Soube, desde então, que você já carregava o espírito Bossa Nova.
Meu caro Pedrinho,
antes deixe-me pedir desculpas a você.
Já na
ultrassonografia eu confundia o que existia de você.
Quando achava que o
médico mostrava a sua cabeça, eram os braços.
Quando eu achava que
via os braços, enxergava a sua barriga.
Quando, heroicamente
e vencendo as imagens escuras da tela da TV
com minha visão
míope eu acreditava ver a sua barriga olhava,
na verdade, o seu
rosto.
Lembro que o doutor
disse já na primeira consulta da sua existência:
"Ele está
sambando".
Soube, desde então,
que você já carregava o espírito Bossa
Nova.
Bem-vindo.
Você corre um risco tremendo em não
colher manga no pé,
tomar banho de rio e até de ler as
Caçadas de Pedrinho,
do nosso Monteiro Lobato que estão
querendo proibir.
O livro eu guardei, pode ficar
tranquilo.

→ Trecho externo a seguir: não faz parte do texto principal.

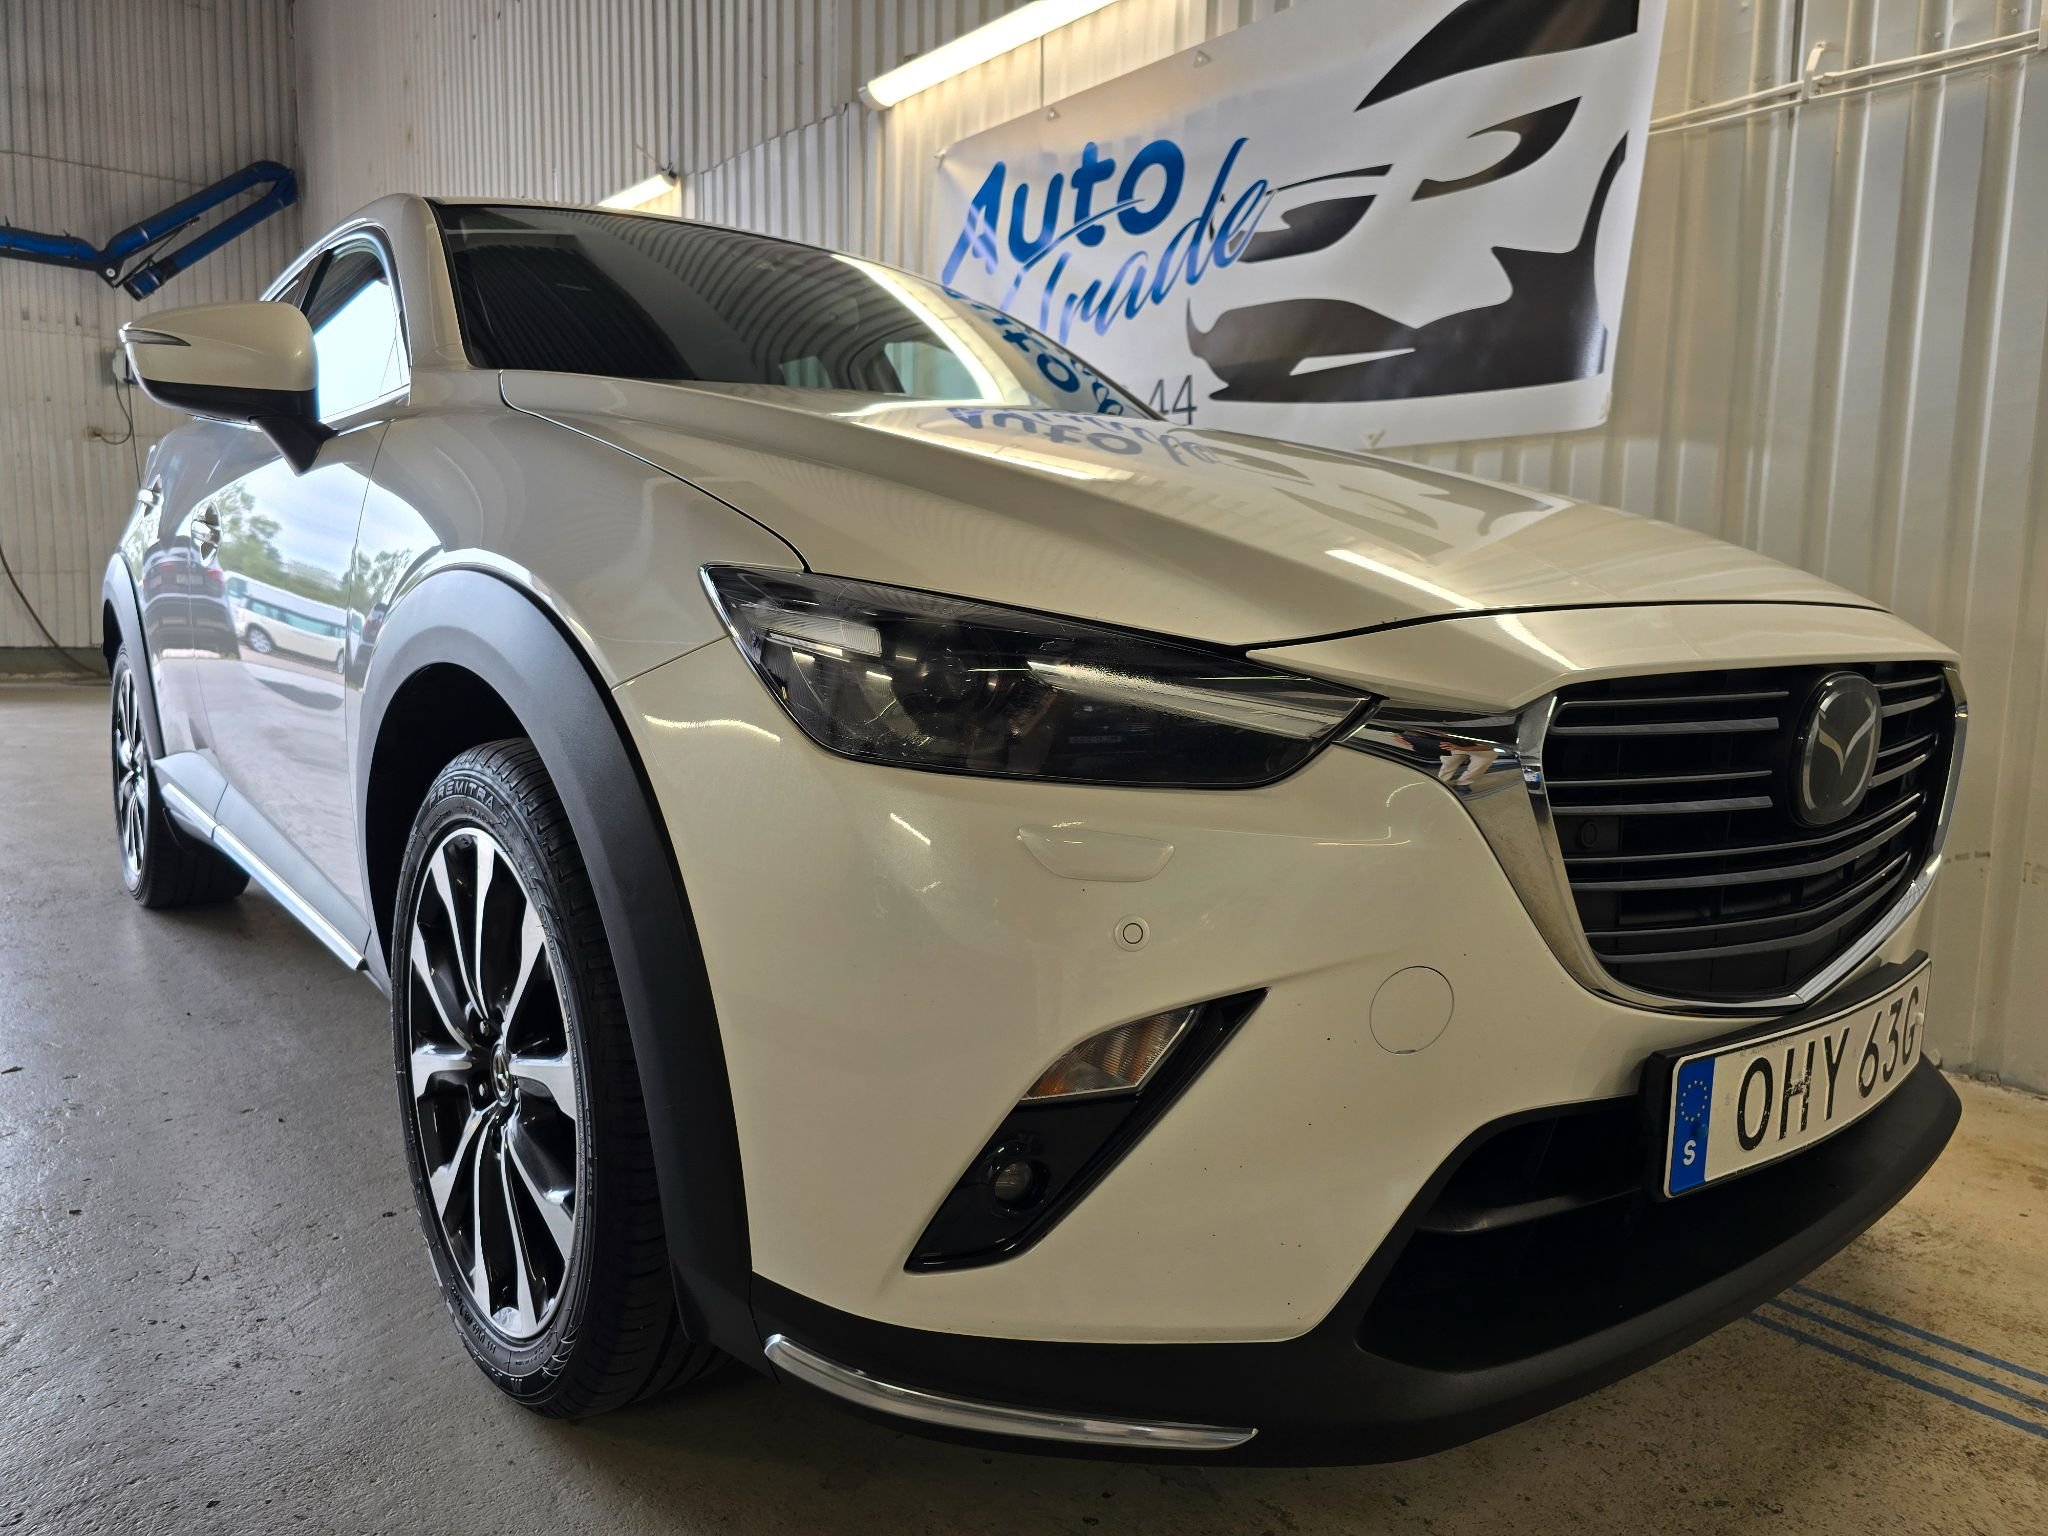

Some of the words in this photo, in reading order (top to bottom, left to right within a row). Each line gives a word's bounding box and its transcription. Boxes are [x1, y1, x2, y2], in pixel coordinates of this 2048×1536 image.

[429, 779, 495, 811] PREMITRA
[1737, 1027, 1849, 1151] OHY
[1856, 985, 1919, 1099] 63G
[1682, 1139, 1696, 1166] S

Não, seu nome não veio daí.
A razão é longa e prometo-lhe contar
um dia.
Ah, Pedrinho, é tanta coisa ruim
acontecendo.
Muita gente de bigodes do mal fazendo
bobagem por aí,
escolhendo os verbos de desamor e
destratando
(ou desidratando) as pessoas.
Há crianças que não conseguem
substantivar suas vidas
por conta destas pessoas que olham
apenas seus próprios umbigos.
É, Pedrinho, as coisas por aqui não
andam nada bem.
Mas não é só de umbigo mau que se
vive a vida.
Já chamei minha patota de amigos para,
quando você chegar,
ver que o mundo vale a pena.
Guardei para você na mochila um disco
de um negro porreta
cujo nome, Pixinguinha, até pode soar
engraçado, mas ele canta
minhas dores de amor tão bem na sua
flauta que certamente você vai gostar.
Outro é Vinicius, um poeta gordinho
com uma lábia incrível com as mulheres.
Não dê risadas quando eu, ao violão,
dedilhar músicas e bossinhas curtinhas
para ninar você, para cheirar o
cheirinho do seu sonho.
Ou, então, dormir em cima dos seus
segredos infantis como se fossem meus.
Não se sinta constrangido se eu
encher você de diminutivos e
apelidos carinhosos. Todo pai é bobo
e carente da infância
que nunca pode aproveitar.
Todo pai gostaria de, por um instante, surrupiar a meninice alheia.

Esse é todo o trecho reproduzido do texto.